The fiscal year culminated in June 2023 may have a GDP growth of 6.1pc, if the IMF projection can be any guide. More than double the average growth for sub-Saharan Africa, the optimism comes mainly from the coattails of the service sector, coupled with a buoyant agriculture sector.

While commendable, this figure does lose some of its shine when placed beside the preceding five-year average growth rate of nine per cent. The underpinnings of this subdued growth can be traced to the challenges facing the construction sector, forex constraints, and a tangled bureaucratic setup that often acts as a deterrent rather than a facilitator. An economic analysis reveals patterns corroborating these trends.

While the trade and service sectors exude vitality, the industry's pulse is feeble. The flagging export numbers, declining substantially, are a case in point. The investment scenario is equally perplexing. From a commendable 35pc of GDP, investment rates have plummeted to 25pc this year. Both the public and private sectors have dialled back on capital infusion. If this trajectory holds, Prosperitians might need to temper their growth aspirations.

The spectre of inflation is ravaging Ethiopians. Clocking a staggering double-digit (despite the official figure of 28.4pc, Steve Hanks of Johns Hopkins University has August's CPI at 48pc), the inflationary spiral is a testament to the economic challenges. Though global food prices show a decline, offering potential relief, non-food commodities continue to pinch the Ethiopian wallet.

However, a deeper probe unravels that policy decisions, rather than pure market dynamics, exacerbate Ethiopia's inflation. Fuel price augmentations, selective import bans, and unhelpful and needless administrative decisions have inadvertently stoked inflationary pressures.

Although seemingly within manageable thresholds, Ethiopia's debt portfolio presents a nuanced picture. As of March 2023, public debt loomed at 60.6 billion dollars, growing by six per cent from June last year. A significant portion of this (53.5pc) is domestic — a trend that signifies a discernible shift from external borrowing. This mounting reliance on homegrown lenders, mostly banks and pension funds, can become a precarious tightrope walk in the long run. The nuanced shift in debt composition, from external to domestic, and the subsequent challenges it might pose, merits watchful monitoring.

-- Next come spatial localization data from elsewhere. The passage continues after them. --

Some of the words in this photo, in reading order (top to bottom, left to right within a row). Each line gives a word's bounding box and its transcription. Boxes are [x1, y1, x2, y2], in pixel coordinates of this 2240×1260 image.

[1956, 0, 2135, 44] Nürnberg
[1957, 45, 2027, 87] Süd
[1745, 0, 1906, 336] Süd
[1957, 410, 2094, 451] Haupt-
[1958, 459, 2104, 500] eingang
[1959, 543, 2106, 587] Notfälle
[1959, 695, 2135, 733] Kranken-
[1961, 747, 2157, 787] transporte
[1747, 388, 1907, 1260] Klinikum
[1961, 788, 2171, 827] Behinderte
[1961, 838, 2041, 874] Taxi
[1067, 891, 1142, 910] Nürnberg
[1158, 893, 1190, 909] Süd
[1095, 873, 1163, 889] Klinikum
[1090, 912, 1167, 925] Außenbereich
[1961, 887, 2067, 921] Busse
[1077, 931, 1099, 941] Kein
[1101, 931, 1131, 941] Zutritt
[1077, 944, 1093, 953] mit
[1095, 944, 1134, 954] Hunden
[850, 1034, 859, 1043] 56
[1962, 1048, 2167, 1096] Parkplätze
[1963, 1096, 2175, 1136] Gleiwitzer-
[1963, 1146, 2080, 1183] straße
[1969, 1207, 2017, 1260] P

Debt service, especially for external liabilities, remains a significant drain on the national exchequer. Payments to the tune of 2.1 billion dollars were disbursed in the last fiscal year, and such obligations show no sign of abating. In the six months beginning July 2022, the country paid 1.24 billion dollars in servicing debts to its international creditors.

With budget deficits hovering around four percent of GDP for the past fiscal years, the current fiscal scenario might appear benign, especially when contextualised with global averages.

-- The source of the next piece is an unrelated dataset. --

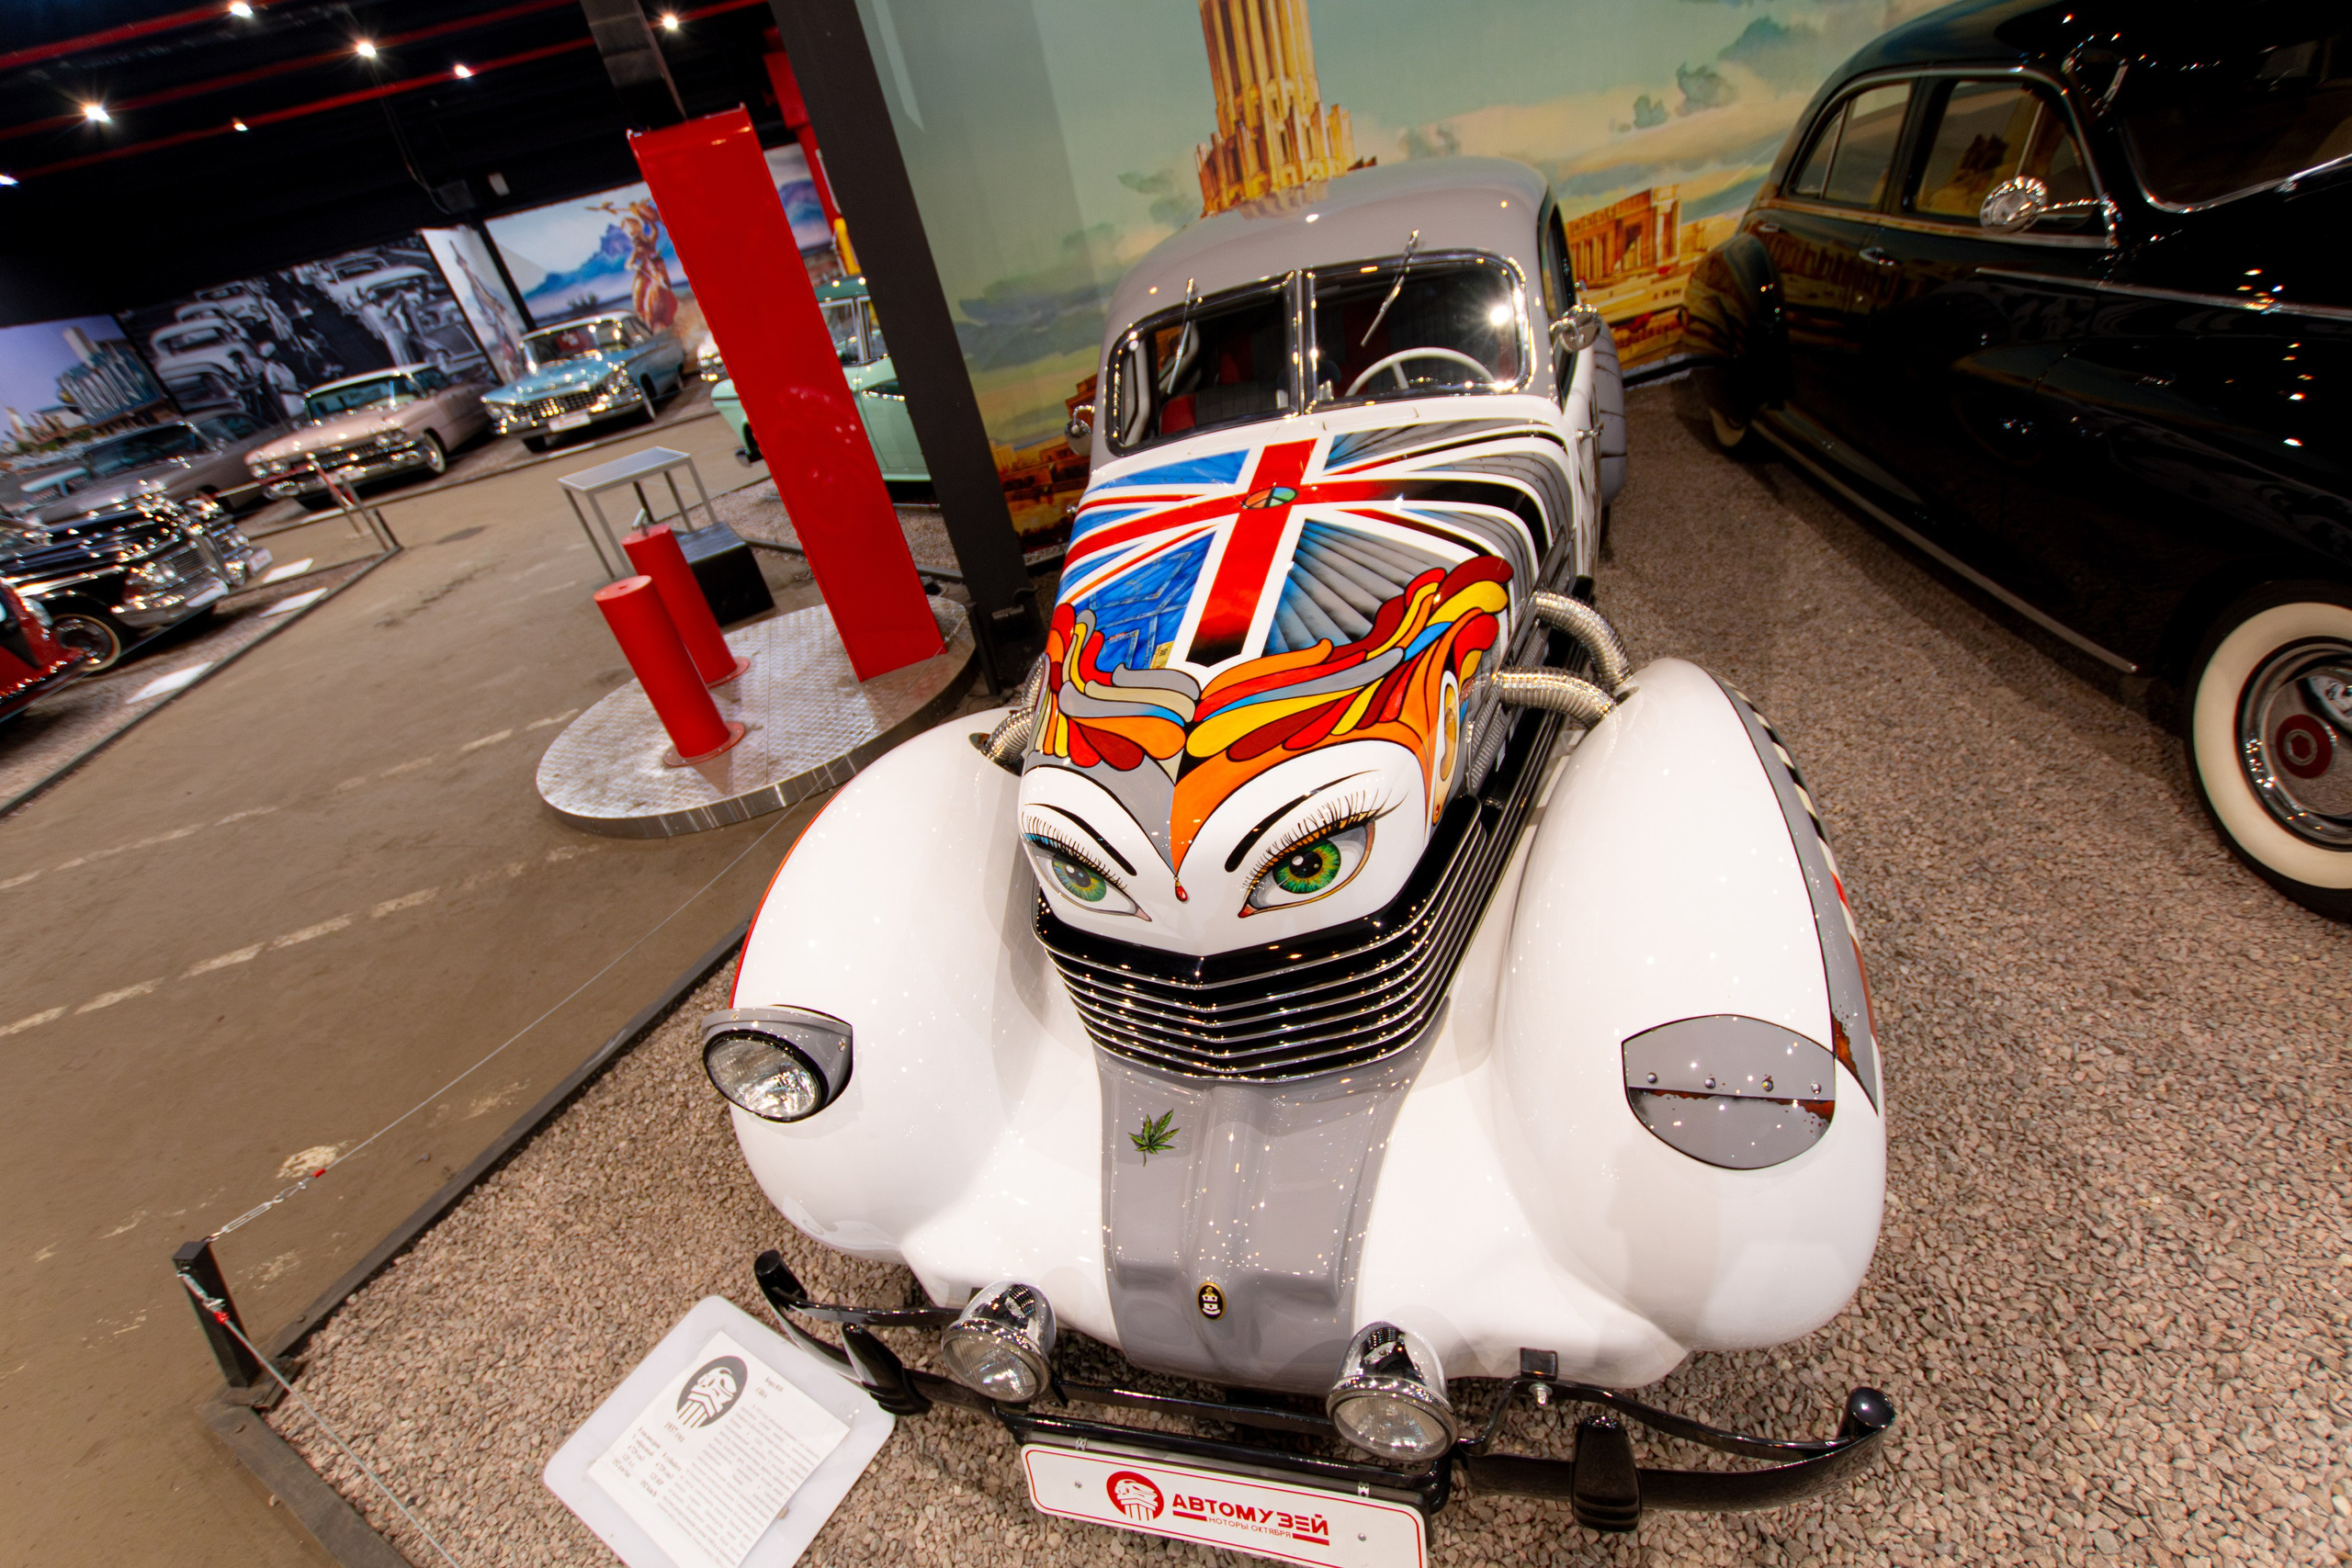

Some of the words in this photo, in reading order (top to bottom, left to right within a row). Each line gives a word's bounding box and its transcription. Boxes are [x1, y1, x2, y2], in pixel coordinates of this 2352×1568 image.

[662, 1420, 679, 1436] 1937
[1172, 1493, 1329, 1536] АВТОМУЗЕЙ
[1209, 1517, 1249, 1530] МОТОРЫ
[1250, 1525, 1291, 1538] ОКТЯБРЯ

However, herein lies the paradox. On one hand, Ethiopia's debt-to-GDP ratio, particularly its external component, is far below the 40pc average debt ratio low-income countries are required to sustain. Yet, the increasing dependence on domestic credit, paired with the muted investment rate, threatens to dent the long-term economic prospects.

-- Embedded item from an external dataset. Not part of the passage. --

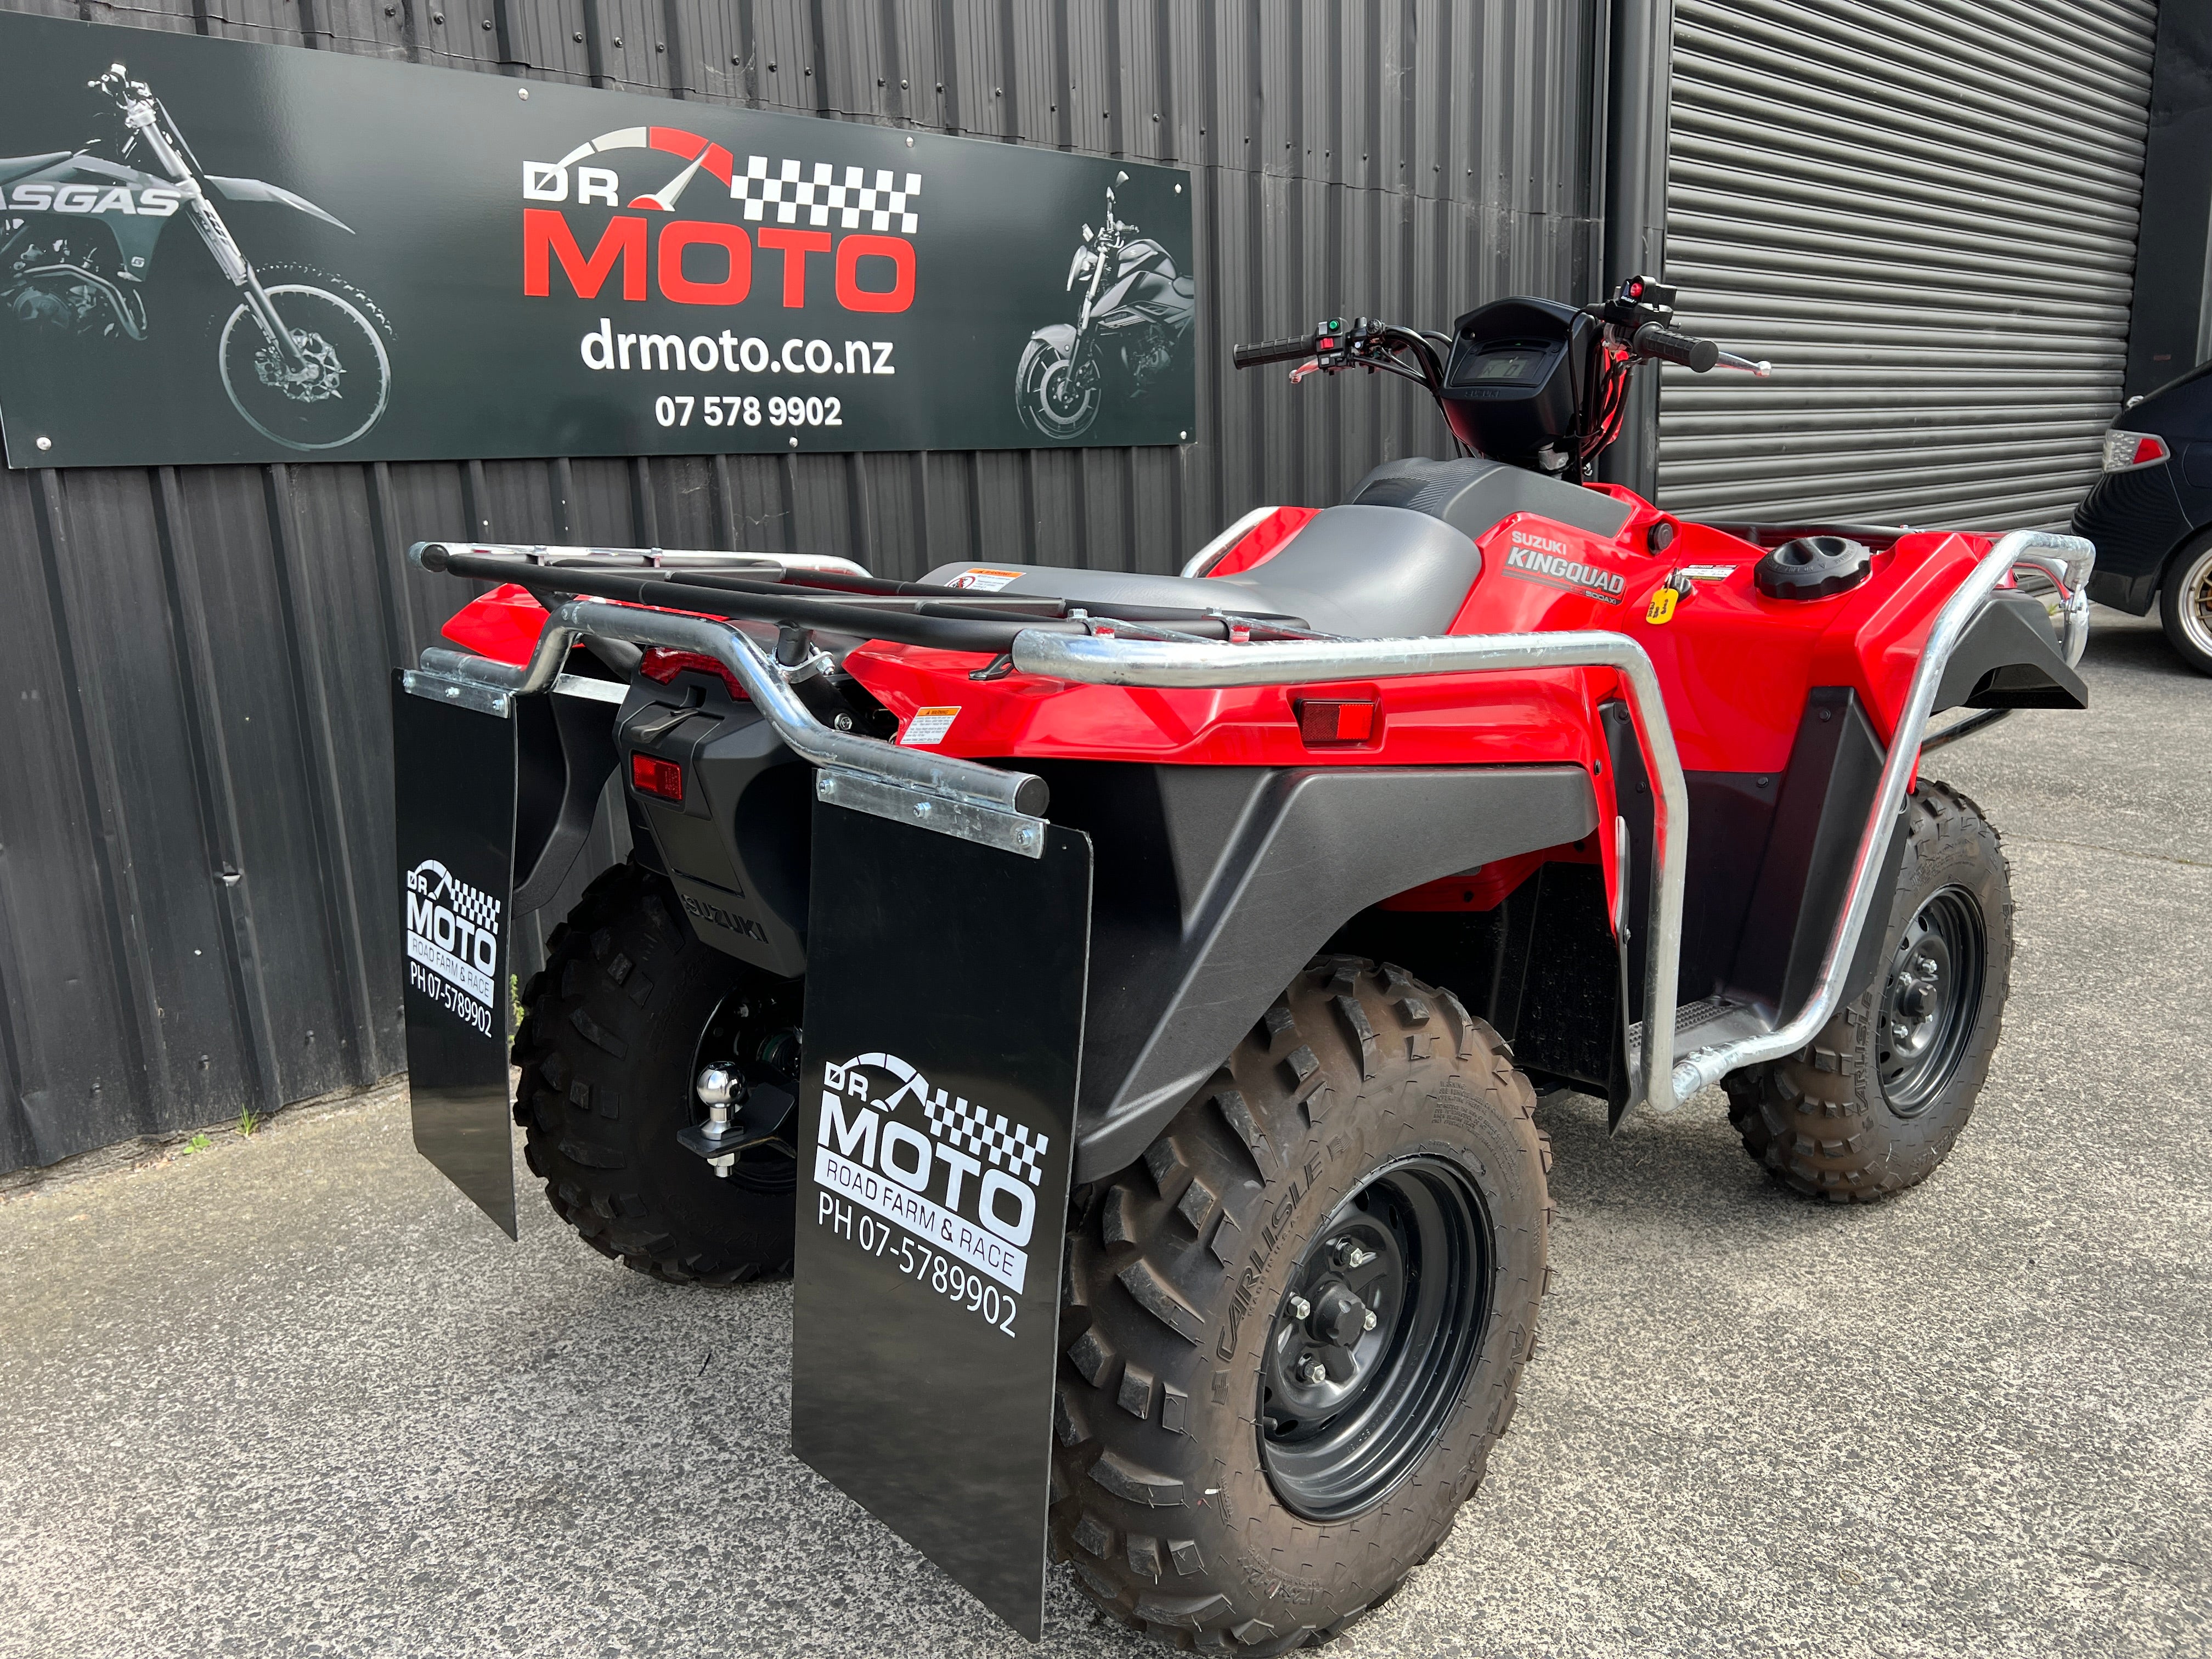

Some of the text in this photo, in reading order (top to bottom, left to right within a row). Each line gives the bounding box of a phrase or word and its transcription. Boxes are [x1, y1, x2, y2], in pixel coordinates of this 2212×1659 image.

Historical data underscores this. The high days of an average 10pc growth, up until 2019, were underpinned by robust investment rates — hovering around 36pc of GDP. If it persists, the current downtrend in investment flow could herald growth figures plateauing lower than IMF’s projection.

The gathering at Adama should be more than a political symposium — it was a microcosm of Ethiopia’s present challenges and, perhaps, its aspirations. The Prosperity Party’s pledges, noble as they may sound, will be tested against the crucible of realities on the ground. Abiy’s vision of an Ethiopia steeped in prosperity and unity is laudable. Yet, the path to such a future is complicated, strewn with political and economic landmines.

The Adama rendezvous may well signal a pivotal juncture in galvanising his party base, but the journey to genuine prosperity is bound to prove long and precarious.